*Exercise aim*
Repeat every entry word for word, but leave the images out of your copy.
Start of Records for the exercise
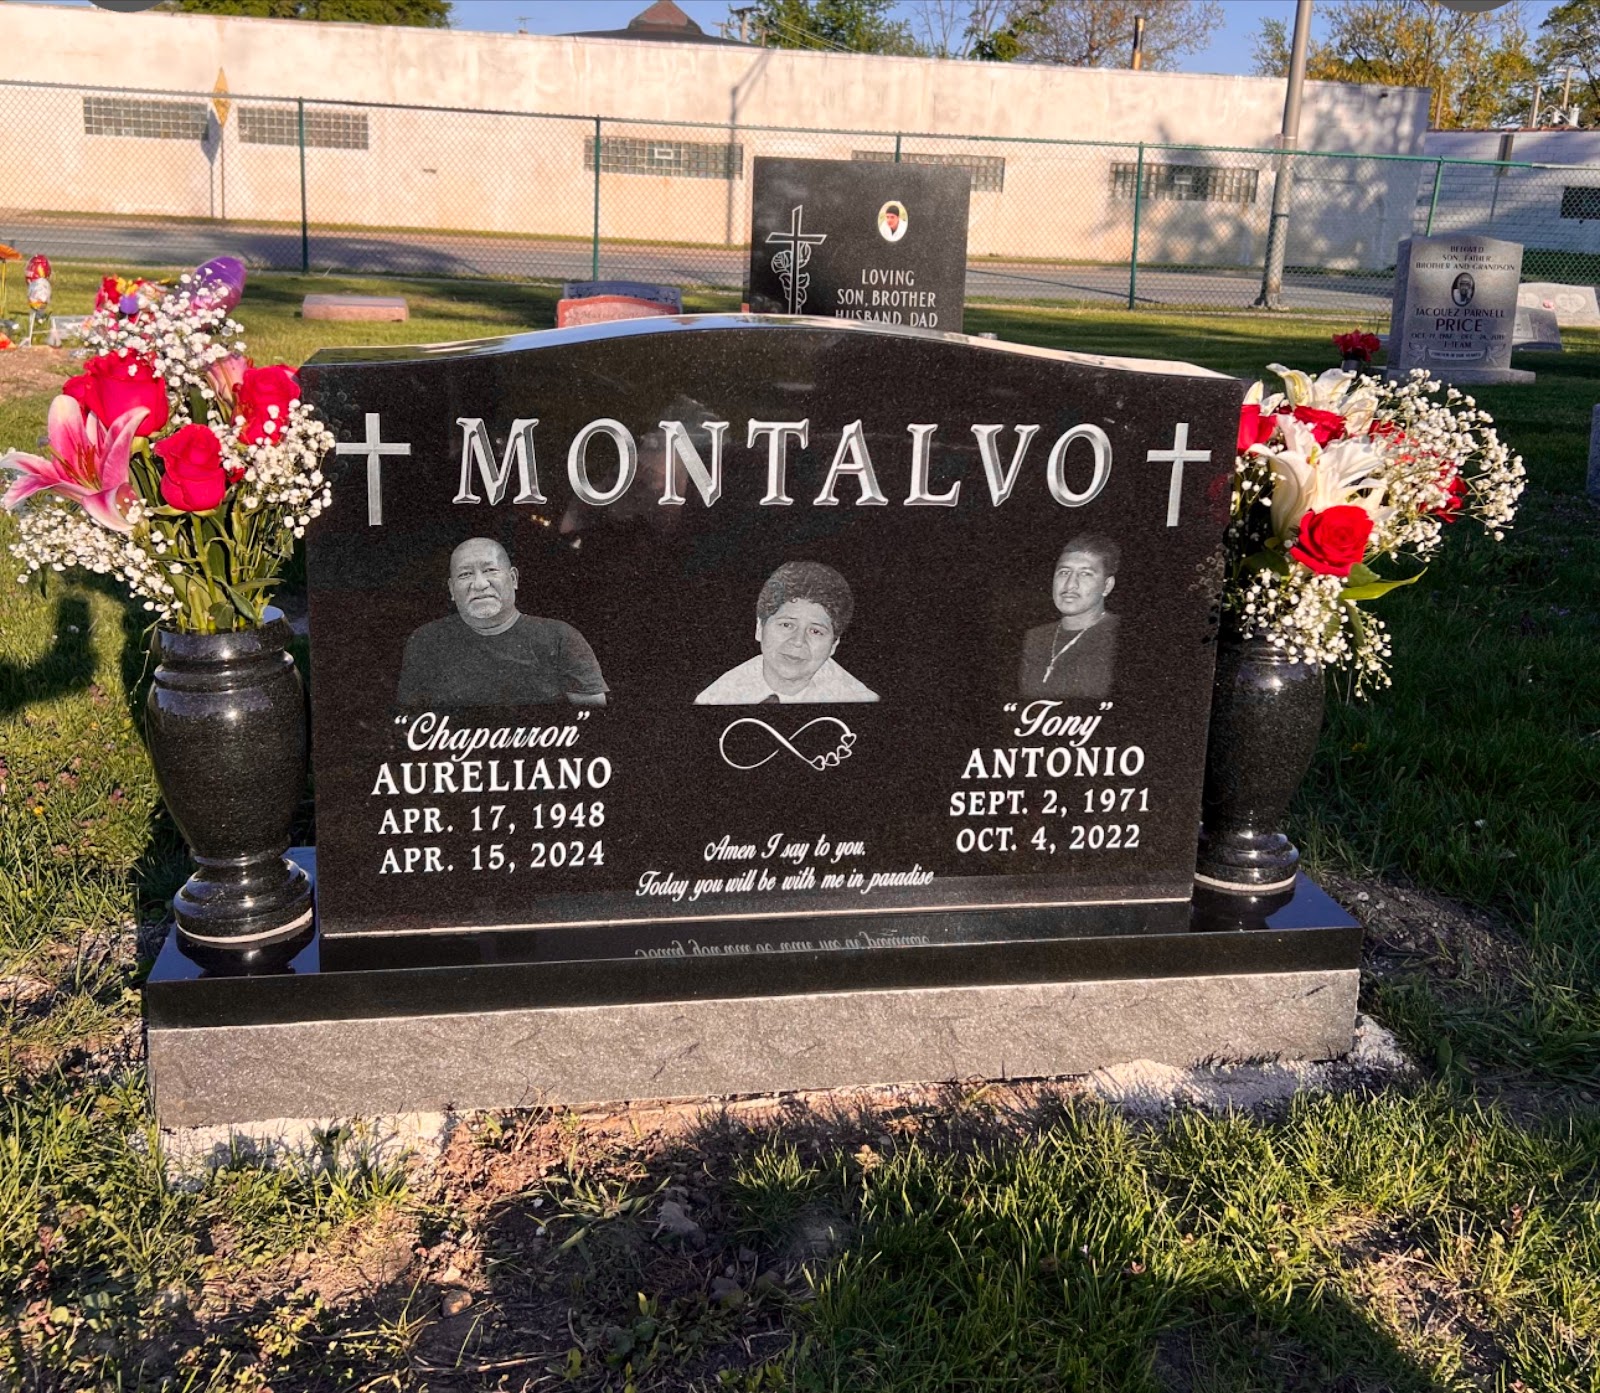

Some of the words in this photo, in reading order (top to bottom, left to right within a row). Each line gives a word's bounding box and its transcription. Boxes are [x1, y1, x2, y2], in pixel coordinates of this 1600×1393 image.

[862, 268, 914, 286] LOVING
[836, 288, 868, 307] SON,
[872, 290, 936, 308] BROTHER
[1464, 308, 1504, 318] PARNELL
[910, 312, 938, 328] DAD
[1436, 319, 1483, 332] PRICE
[452, 416, 1114, 508] MONTALVO
[1004, 700, 1114, 748] “Tony”
[370, 754, 612, 796] AURELIANO
[960, 744, 1144, 778] ANTONIO
[378, 808, 454, 834] APR.
[472, 804, 516, 834] 17,
[532, 800, 604, 830] 1948
[950, 790, 1028, 816] SEPT.
[1042, 790, 1068, 818] 2,
[1084, 788, 1148, 812] 1971
[704, 834, 756, 862] Amen
[760, 832, 784, 858] I
[780, 842, 810, 864] say
[814, 834, 830, 856] to
[956, 826, 1016, 852] OCT.
[1030, 826, 1056, 854] 4,
[1068, 824, 1140, 850] 2022
[378, 846, 454, 874] APR.
[472, 844, 516, 874] 15,
[530, 840, 604, 868] 2024
[636, 870, 690, 902] Today
[686, 878, 724, 902] you
[724, 870, 756, 892] will
[758, 868, 776, 890] be
[782, 866, 816, 890] with
[820, 874, 844, 888] me
[846, 868, 864, 888] in
[860, 864, 934, 894] paradise
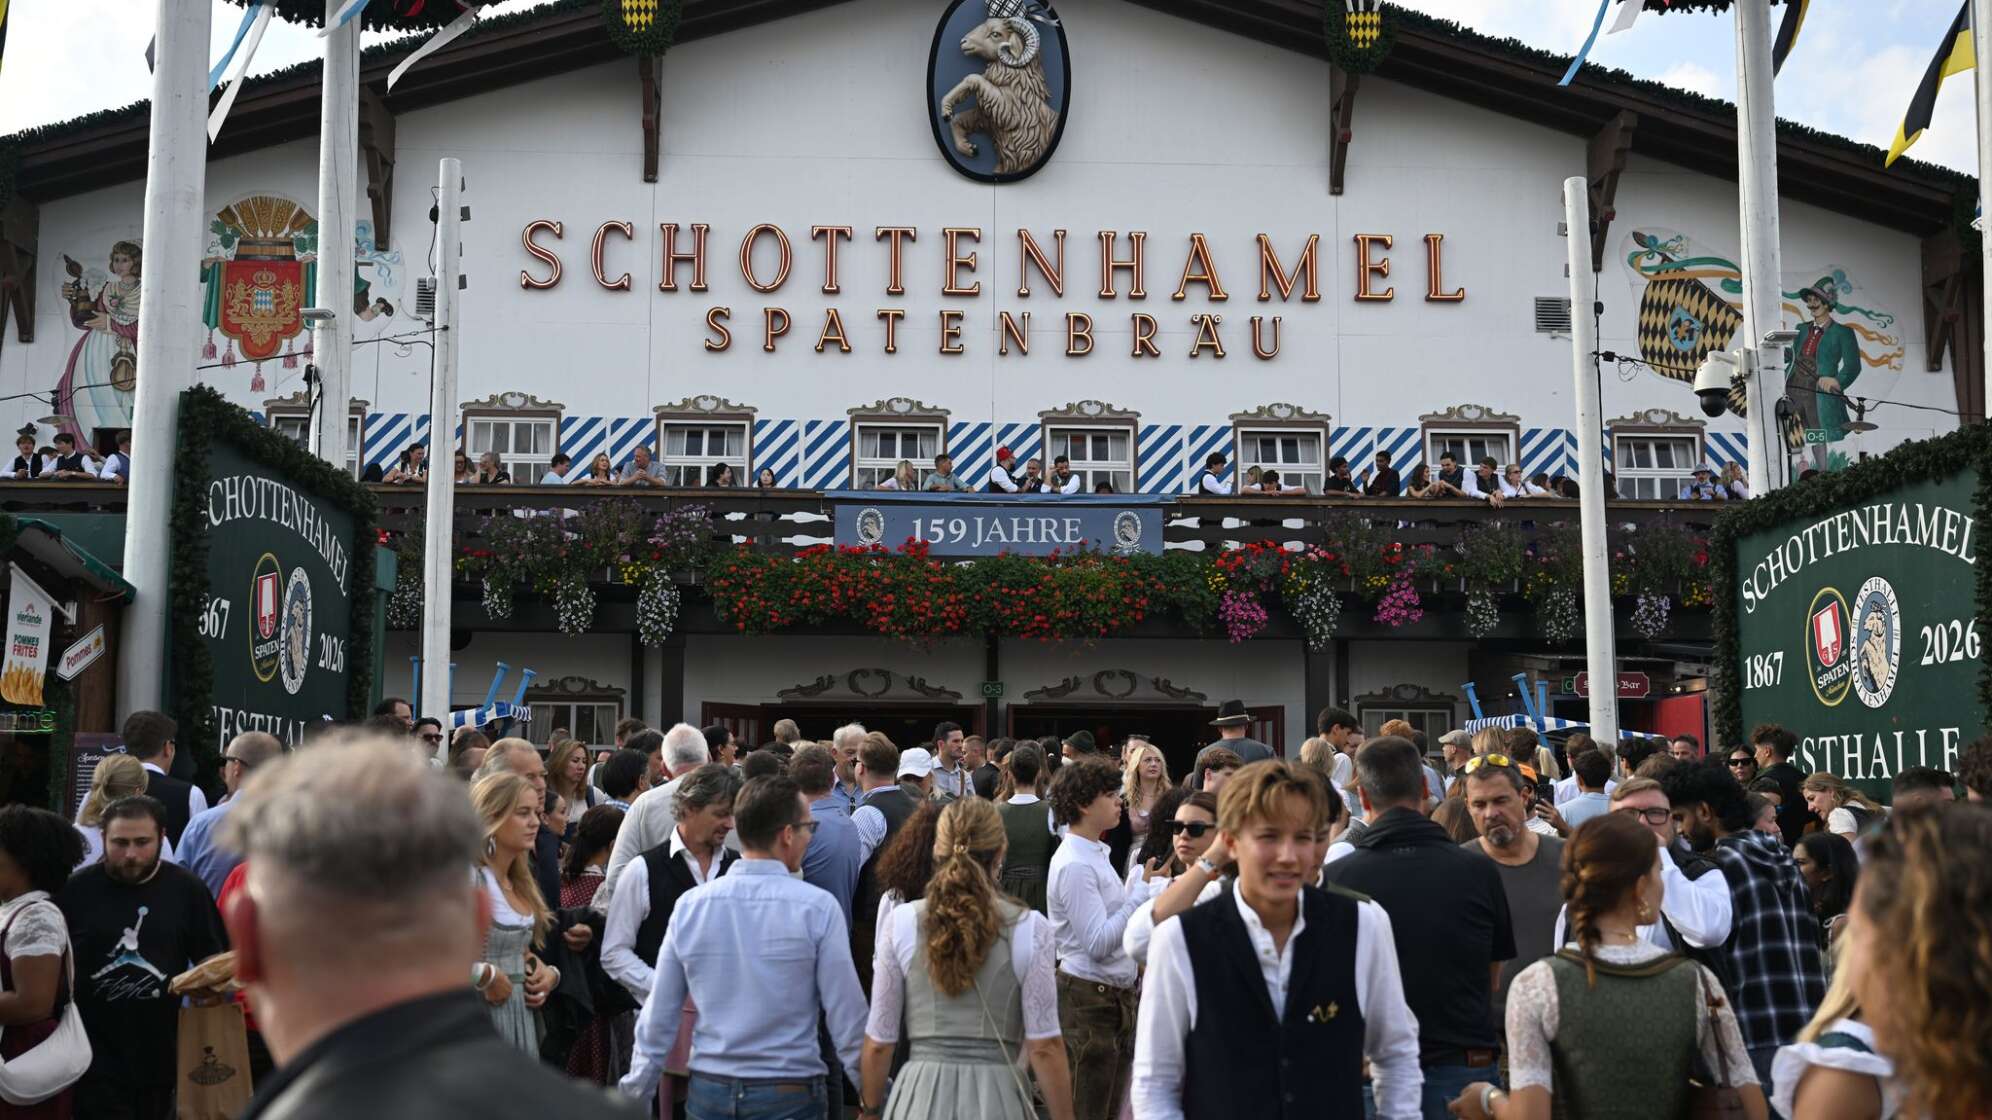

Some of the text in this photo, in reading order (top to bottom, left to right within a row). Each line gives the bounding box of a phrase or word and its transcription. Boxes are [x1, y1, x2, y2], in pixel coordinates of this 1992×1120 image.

[520, 219, 1465, 303] SCHOTTENHAMEL
[704, 306, 1283, 360] SPATENBRÄU
[1807, 432, 1825, 441] O-5
[200, 475, 348, 597] CHOTTENHAMEL
[912, 517, 967, 544] 159
[971, 516, 1084, 547] JAHRE
[1742, 503, 1977, 614] SCHOTTENHAMEL
[12, 645, 38, 659] FRITES
[14, 633, 39, 646] POMMES
[66, 643, 92, 669] Pommes
[255, 638, 281, 660] SPATEN
[319, 632, 345, 673] 2026
[1920, 618, 1981, 667] 2026
[1620, 680, 1640, 689] Bar
[1744, 651, 1784, 689] 1867
[1817, 660, 1850, 689] SPATEN
[1787, 727, 1961, 780] STHALLE
End of Records for the exercise
*Response for this exercise*
Some of the words in this photo, in reading order (top to bottom, left to right within a row). Each line gives a word's bounding box and its transcription. Boxes are [x1, y1, x2, y2], in pixel coordinates of this 1600×1393 image.

[862, 268, 914, 286] LOVING
[836, 288, 868, 307] SON,
[872, 290, 936, 308] BROTHER
[1464, 308, 1504, 318] PARNELL
[910, 312, 938, 328] DAD
[1436, 319, 1483, 332] PRICE
[452, 416, 1114, 508] MONTALVO
[1004, 700, 1114, 748] “Tony”
[370, 754, 612, 796] AURELIANO
[960, 744, 1144, 778] ANTONIO
[378, 808, 454, 834] APR.
[472, 804, 516, 834] 17,
[532, 800, 604, 830] 1948
[950, 790, 1028, 816] SEPT.
[1042, 790, 1068, 818] 2,
[1084, 788, 1148, 812] 1971
[704, 834, 756, 862] Amen
[760, 832, 784, 858] I
[780, 842, 810, 864] say
[814, 834, 830, 856] to
[956, 826, 1016, 852] OCT.
[1030, 826, 1056, 854] 4,
[1068, 824, 1140, 850] 2022
[378, 846, 454, 874] APR.
[472, 844, 516, 874] 15,
[530, 840, 604, 868] 2024
[636, 870, 690, 902] Today
[686, 878, 724, 902] you
[724, 870, 756, 892] will
[758, 868, 776, 890] be
[782, 866, 816, 890] with
[820, 874, 844, 888] me
[846, 868, 864, 888] in
[860, 864, 934, 894] paradise

Some of the text in this photo, in reading order (top to bottom, left to right within a row). Each line gives the bounding box of a phrase or word and its transcription. Boxes are [x1, y1, x2, y2], in pixel coordinates of this 1992×1120 image.

[520, 219, 1465, 303] SCHOTTENHAMEL
[704, 306, 1283, 360] SPATENBRÄU
[1807, 432, 1825, 441] O-5
[200, 475, 348, 597] CHOTTENHAMEL
[912, 517, 967, 544] 159
[971, 516, 1084, 547] JAHRE
[1742, 503, 1977, 614] SCHOTTENHAMEL
[12, 645, 38, 659] FRITES
[14, 633, 39, 646] POMMES
[66, 643, 92, 669] Pommes
[255, 638, 281, 660] SPATEN
[319, 632, 345, 673] 2026
[1920, 618, 1981, 667] 2026
[1620, 680, 1640, 689] Bar
[1744, 651, 1784, 689] 1867
[1817, 660, 1850, 689] SPATEN
[1787, 727, 1961, 780] STHALLE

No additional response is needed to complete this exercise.